The complaint above is registered at Ritz-Carlton, New York. And this non-smiling staff is a big concern for the hotel manager.

It is pretty simple - smiling staff will keep customers smiling and smiling customers will keep businesses smiling. All businesses understand it but only few decide to do something about it, while others continue to ignore it. And some go out of their way to keep all stakeholders happy.

Ritz surely knows how to do an excellent job in delivering a great customer experience. They truly believe in 'wider the smile, better is the business'.

Customer Service Person of the Year – Steve Jobs


“No. Not to worry.”

If you read the above text, you will probably ignore it as it does not contain any useful information which an ordinary Joe will look for. But tell the world that above text is an email response from Steve Jobs, you may like to read it again and try to find the background of the above text.

Over the last one month, Jobs is answering queries of customers like there is no tomorrow.


In case a customer is not happy with some hardware upgrade and writes to Jobs asking him the reason behind this lousy upgrade, Jobs replies him with a reason. 

If someone wants to know about whether he can access his collection of books on iPad, Jobs reply with one word reply. 

And the list goes on and on. ‘Blog world’ is full of such small and few-words-long emails which may not translate into any heart to heart talk (most of the time it is blunt and to the point) but it will always surprise you if you get a reply from a CEO. And if  he CEO happens to be Steve Jobs, Apple fanboys are more than eager to pick the threads and spread it on various blogs.

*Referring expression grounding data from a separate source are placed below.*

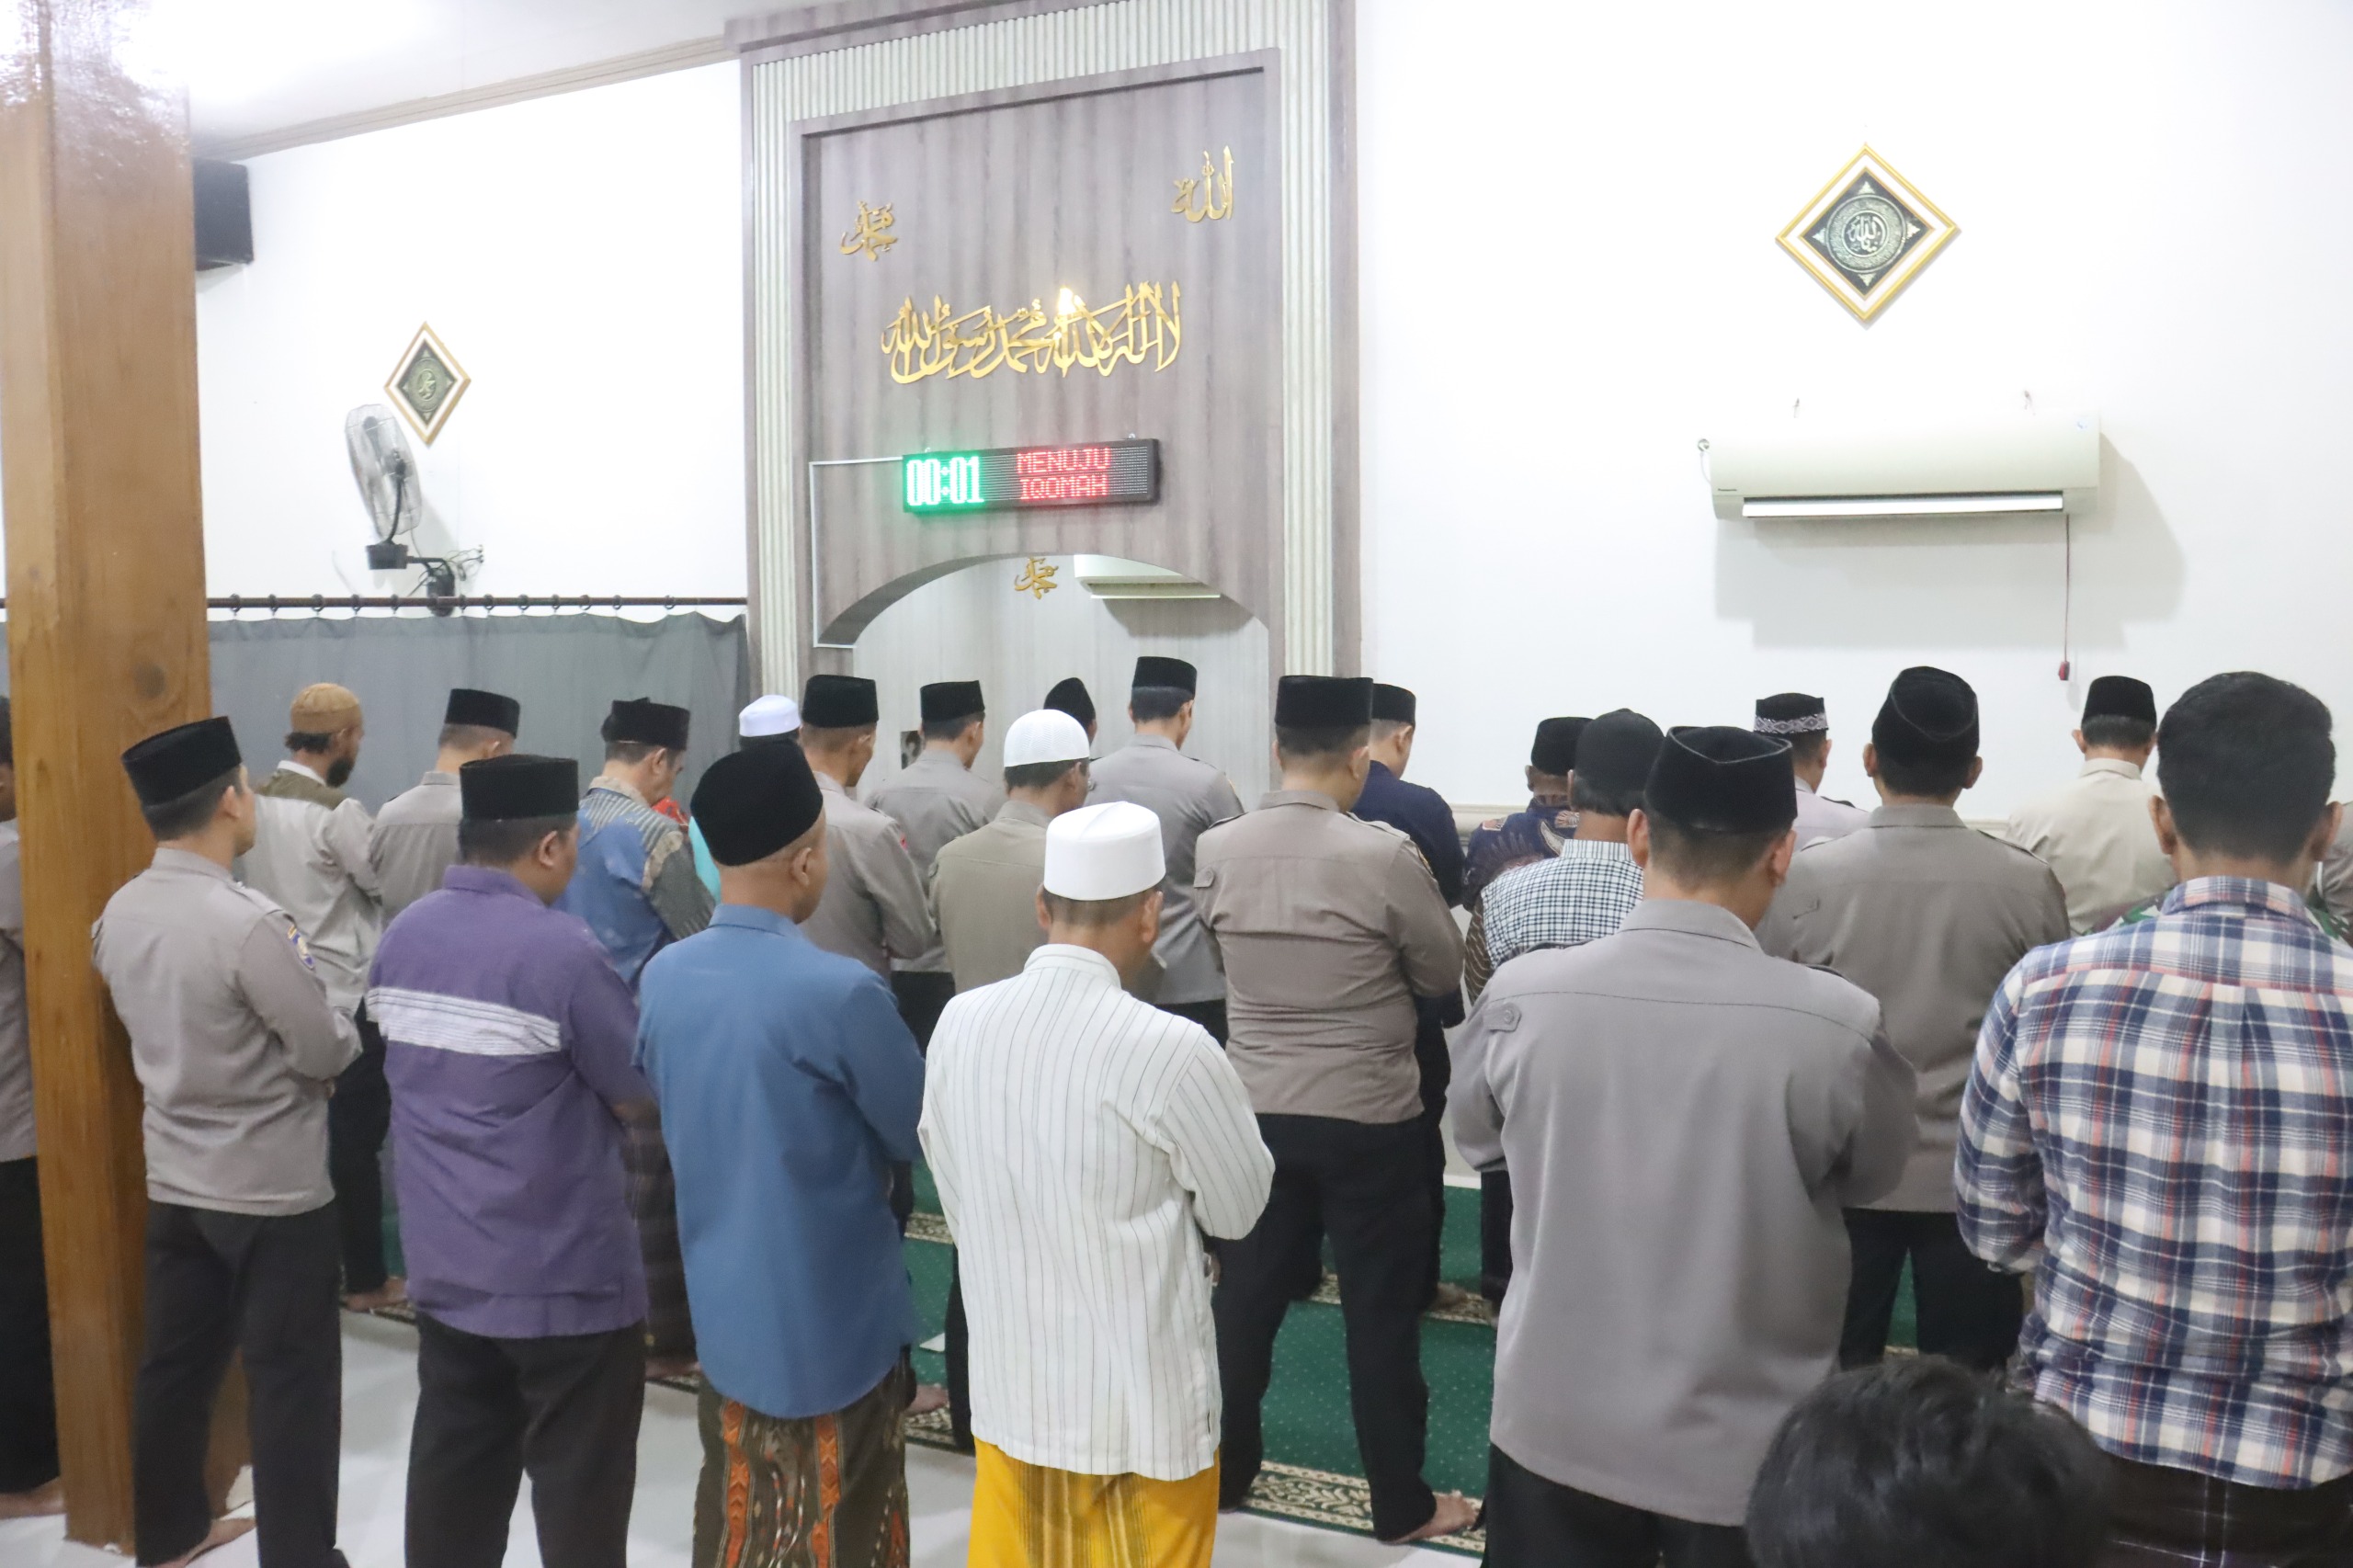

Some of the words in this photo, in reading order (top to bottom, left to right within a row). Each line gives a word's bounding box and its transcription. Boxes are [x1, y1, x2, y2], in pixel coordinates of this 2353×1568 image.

[1171, 145, 1233, 222] الله
[1017, 448, 1108, 473] MENUJU
[906, 456, 984, 506] 00:01
[1019, 474, 1108, 499] IQOMAH
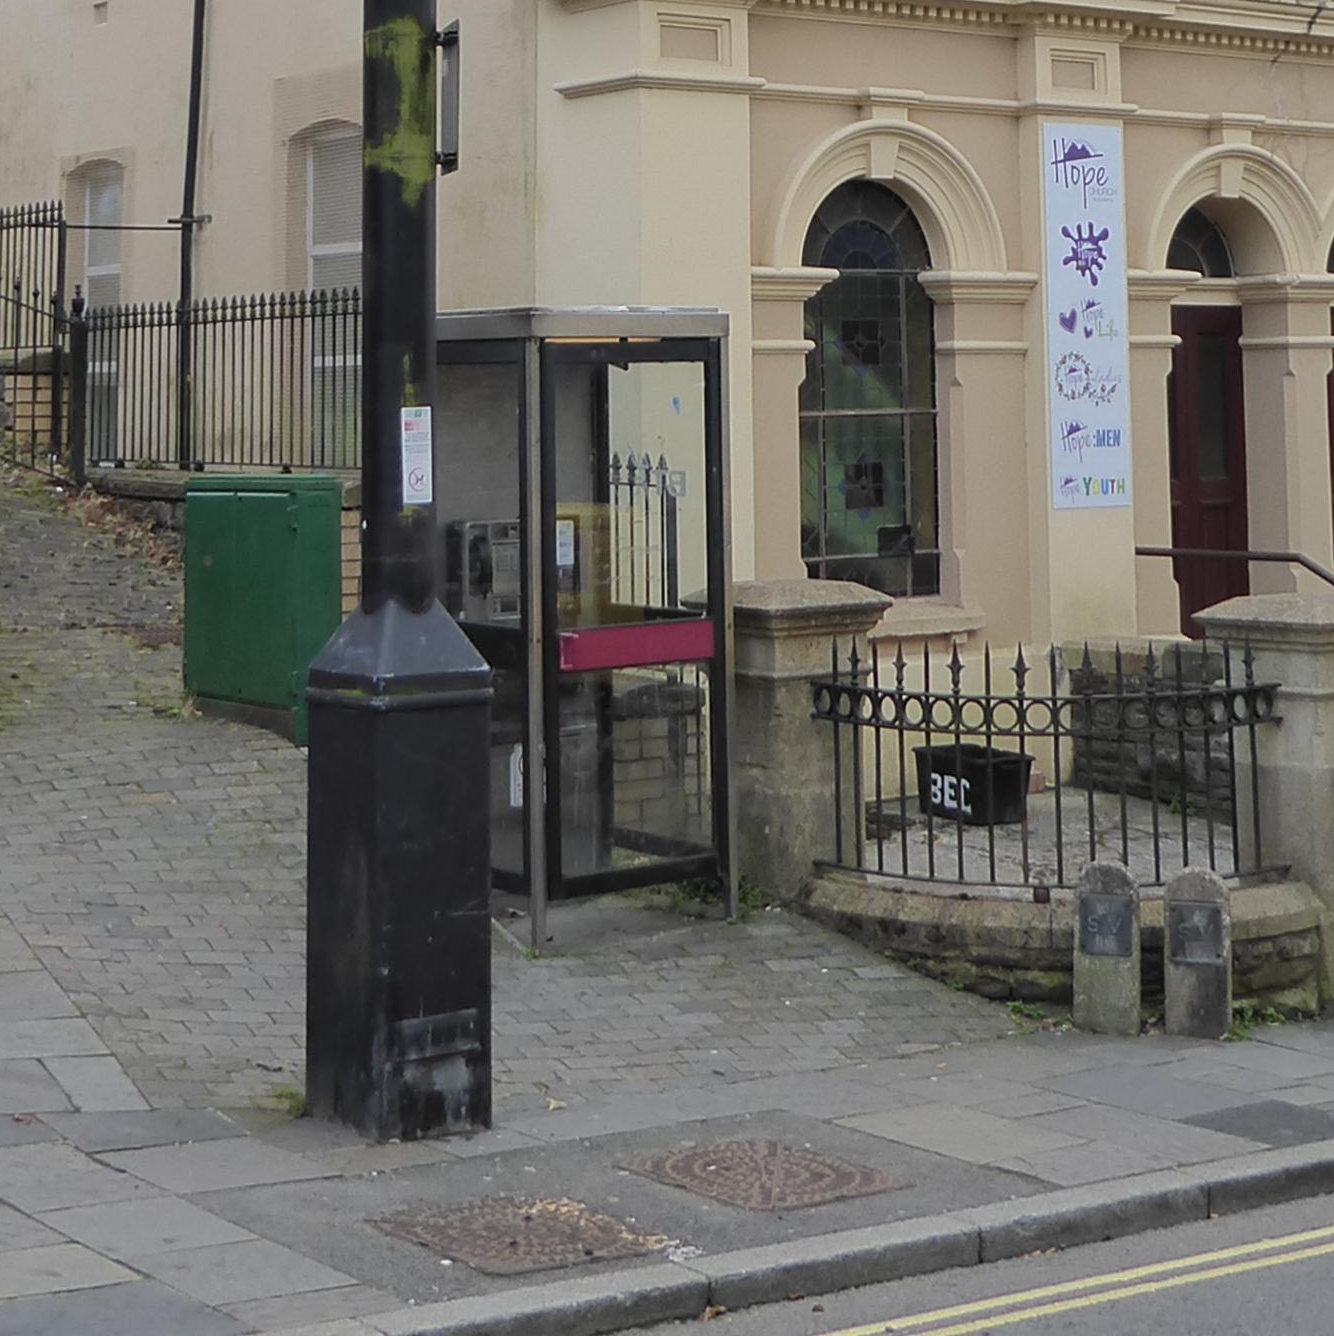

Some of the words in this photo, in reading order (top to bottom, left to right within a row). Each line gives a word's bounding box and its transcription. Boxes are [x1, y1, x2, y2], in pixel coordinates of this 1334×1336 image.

[1051, 137, 1109, 210] Hope
[1080, 296, 1104, 330] Hope
[1083, 476, 1126, 497] YOUTH
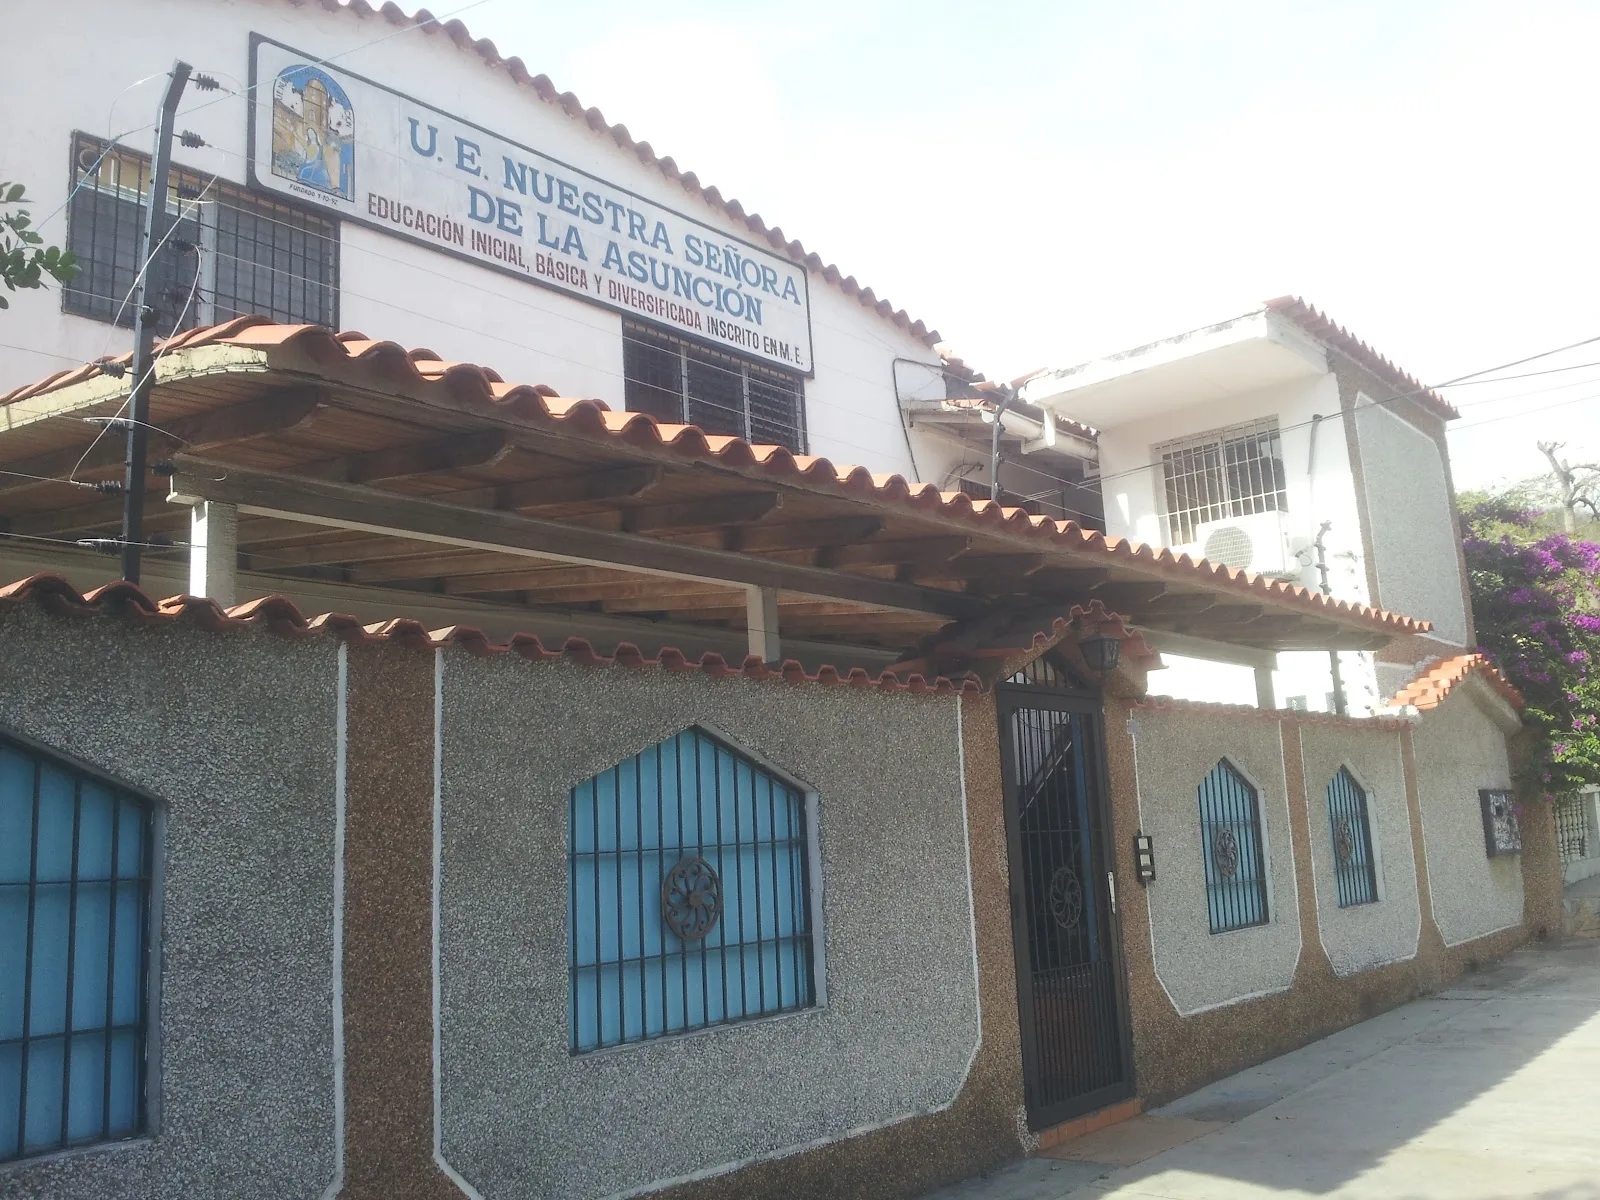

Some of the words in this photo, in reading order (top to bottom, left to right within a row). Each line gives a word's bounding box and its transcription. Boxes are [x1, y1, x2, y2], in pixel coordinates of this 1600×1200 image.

[368, 192, 464, 247] EDUCACIÓN
[471, 228, 530, 273] INICIAL,
[536, 252, 588, 290] BÁSICA
[594, 274, 602, 294] Y
[608, 280, 702, 331] DIVERSIFICADA
[706, 316, 760, 349] INSCRITO
[794, 348, 804, 366] E.
[408, 116, 443, 162] U.
[454, 136, 488, 180] E.
[502, 155, 674, 256] NUESTRA
[684, 234, 801, 306] SEÑORA
[468, 184, 523, 237] DE
[537, 212, 588, 262] LA
[602, 240, 762, 326] ASUNCIÓN
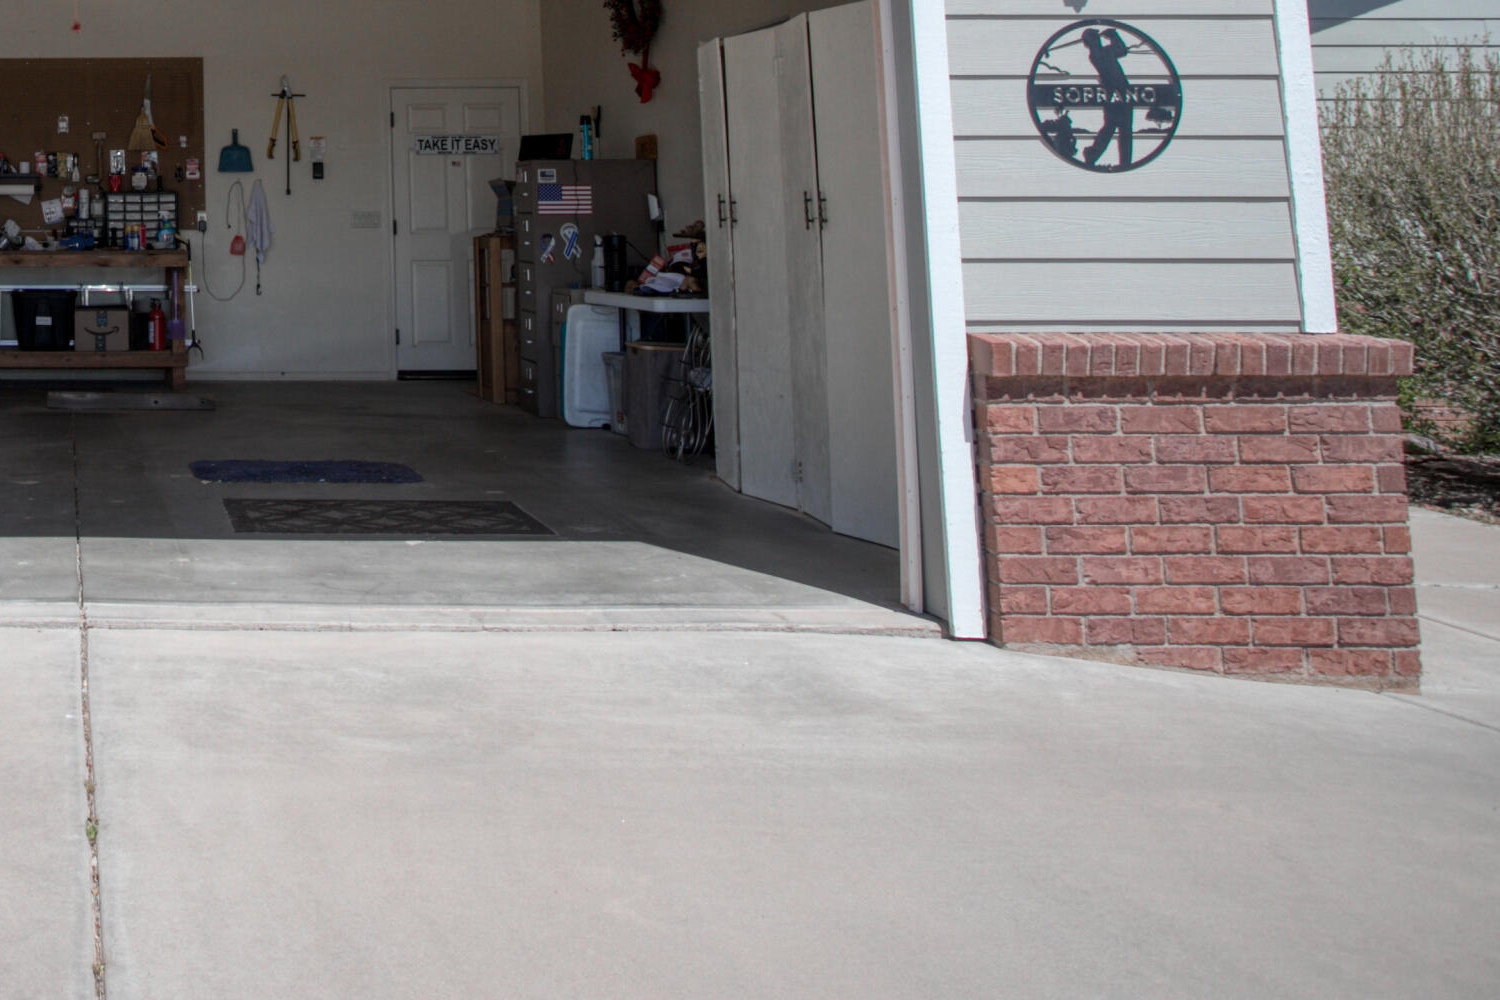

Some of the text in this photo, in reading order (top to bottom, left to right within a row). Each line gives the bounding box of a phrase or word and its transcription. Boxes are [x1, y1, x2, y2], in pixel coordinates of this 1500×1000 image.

I find this practice of his a bit strange and amazing at the same time. Strange because it is far easy for a CEO to go for a press release and answer everything in formal and legally correct language which will do no harm to anyone. Yet he decides to take this off-beat path. His replies are often considered curt, blunt, and too short but usually to the point. If he decides to go the PR route, he can overcome all these short comings. But he decides to speak his mind and heart instead.

I find it amazing because a CEO need not respond to any customer mail. He can pass it on to his chunnu-munnus who will take care of the issue. It happens most of the time and it will continue to happen as CEOs are extremely busy species and small customers are definitely not their priority. It is amazing to see that someone is trying to do things differently.

Jobs may not be answering all the emails but whatever small number he replies, shows his concern for his customers concerns, and he feels that their concerns are his concerns.

He is, beyond doubt, my customer service person of the year.  

Customer Service Demons




Who needs Customer Service demons from some 'outer world' when you have enough inside?
 
There are scarier demons inside customer service departments in the name of 'processes'. There are even more scarier demons inside untrained customer service professionals.
 
The bigger problem is whenever we try to see this demon, we do not kill it. We let it get bigger and scarier. We join hands with these demons and let them run the whole show.
 
In the end, demon does his job efficiently. And we fail to deliver for what we are hired for.